> EXERCISE: Output the records exactly as they appear, with no pictures included.

[AVAILABLE RECORDS]

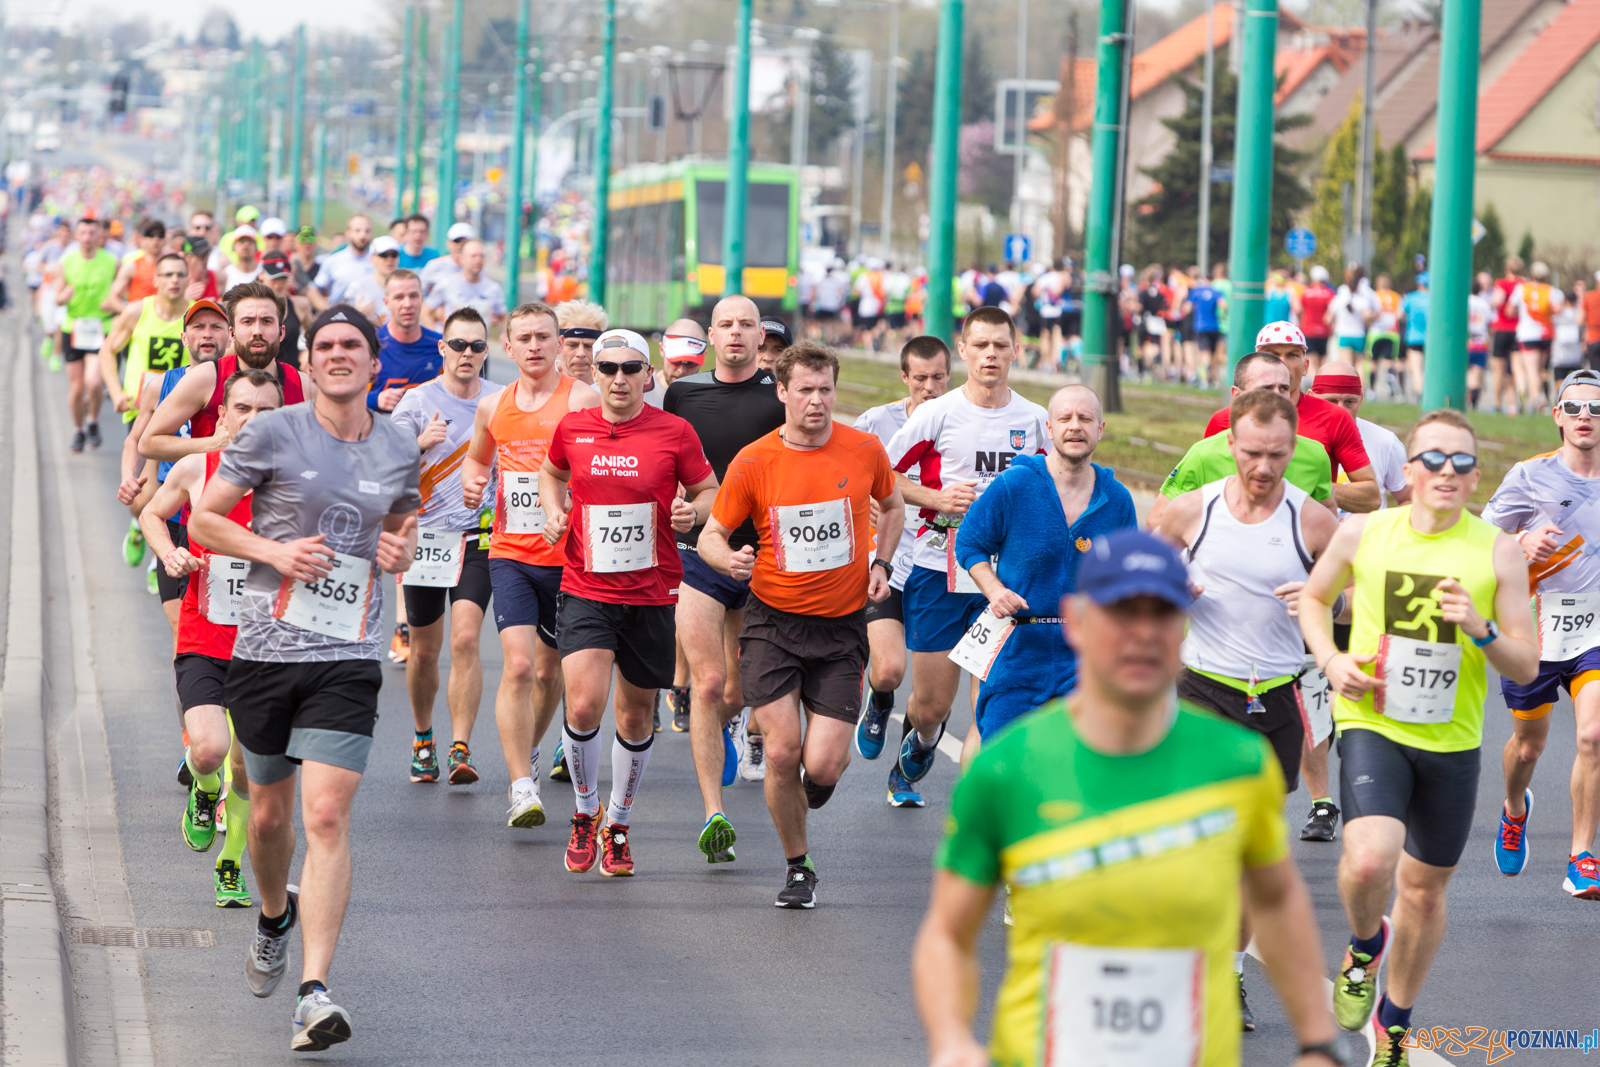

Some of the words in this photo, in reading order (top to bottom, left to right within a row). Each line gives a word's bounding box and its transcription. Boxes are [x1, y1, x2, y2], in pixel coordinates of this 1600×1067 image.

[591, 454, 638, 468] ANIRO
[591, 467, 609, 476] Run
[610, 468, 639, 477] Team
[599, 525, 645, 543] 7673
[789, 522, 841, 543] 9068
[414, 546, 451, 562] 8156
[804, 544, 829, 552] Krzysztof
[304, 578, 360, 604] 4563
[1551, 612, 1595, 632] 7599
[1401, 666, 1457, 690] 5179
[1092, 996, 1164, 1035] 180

[/AVAILABLE RECORDS]

> RESPONSE TO THIS TASK:
Some of the words in this photo, in reading order (top to bottom, left to right within a row). Each line gives a word's bounding box and its transcription. Boxes are [x1, y1, x2, y2], in pixel coordinates of this 1600×1067 image.

[591, 454, 638, 468] ANIRO
[591, 467, 609, 476] Run
[610, 468, 639, 477] Team
[599, 525, 645, 543] 7673
[789, 522, 841, 543] 9068
[414, 546, 451, 562] 8156
[804, 544, 829, 552] Krzysztof
[304, 578, 360, 604] 4563
[1551, 612, 1595, 632] 7599
[1401, 666, 1457, 690] 5179
[1092, 996, 1164, 1035] 180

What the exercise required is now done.